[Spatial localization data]
·····

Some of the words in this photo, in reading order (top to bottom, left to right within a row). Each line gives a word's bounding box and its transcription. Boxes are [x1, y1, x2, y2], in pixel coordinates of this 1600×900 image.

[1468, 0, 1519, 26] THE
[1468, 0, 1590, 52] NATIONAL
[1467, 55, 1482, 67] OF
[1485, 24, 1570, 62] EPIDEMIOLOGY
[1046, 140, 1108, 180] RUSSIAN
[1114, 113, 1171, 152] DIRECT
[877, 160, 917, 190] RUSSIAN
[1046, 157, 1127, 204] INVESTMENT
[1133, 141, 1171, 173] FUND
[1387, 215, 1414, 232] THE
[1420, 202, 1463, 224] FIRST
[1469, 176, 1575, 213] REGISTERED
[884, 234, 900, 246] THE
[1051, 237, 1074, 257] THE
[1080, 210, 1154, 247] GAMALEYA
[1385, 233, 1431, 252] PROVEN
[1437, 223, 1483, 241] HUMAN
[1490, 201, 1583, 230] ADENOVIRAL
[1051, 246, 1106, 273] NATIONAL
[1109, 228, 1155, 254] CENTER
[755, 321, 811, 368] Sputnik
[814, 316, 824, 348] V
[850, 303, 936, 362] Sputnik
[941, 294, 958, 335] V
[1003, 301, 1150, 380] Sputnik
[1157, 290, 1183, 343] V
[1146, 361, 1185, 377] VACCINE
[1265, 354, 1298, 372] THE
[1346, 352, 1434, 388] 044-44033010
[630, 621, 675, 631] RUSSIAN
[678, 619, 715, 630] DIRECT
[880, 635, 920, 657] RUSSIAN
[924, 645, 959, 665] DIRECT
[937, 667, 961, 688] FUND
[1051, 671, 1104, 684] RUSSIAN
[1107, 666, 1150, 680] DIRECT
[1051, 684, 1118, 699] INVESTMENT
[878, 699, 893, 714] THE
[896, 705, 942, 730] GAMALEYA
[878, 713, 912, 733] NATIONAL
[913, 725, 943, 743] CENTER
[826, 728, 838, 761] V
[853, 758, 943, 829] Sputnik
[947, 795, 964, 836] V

·····

» **The task**: Look through the entries and find each line that has the string "Sputnik". Copy those lines.

» **Output for this task**:
[755, 321, 811, 368] Sputnik
[850, 303, 936, 362] Sputnik
[1003, 301, 1150, 380] Sputnik
[853, 758, 943, 829] Sputnik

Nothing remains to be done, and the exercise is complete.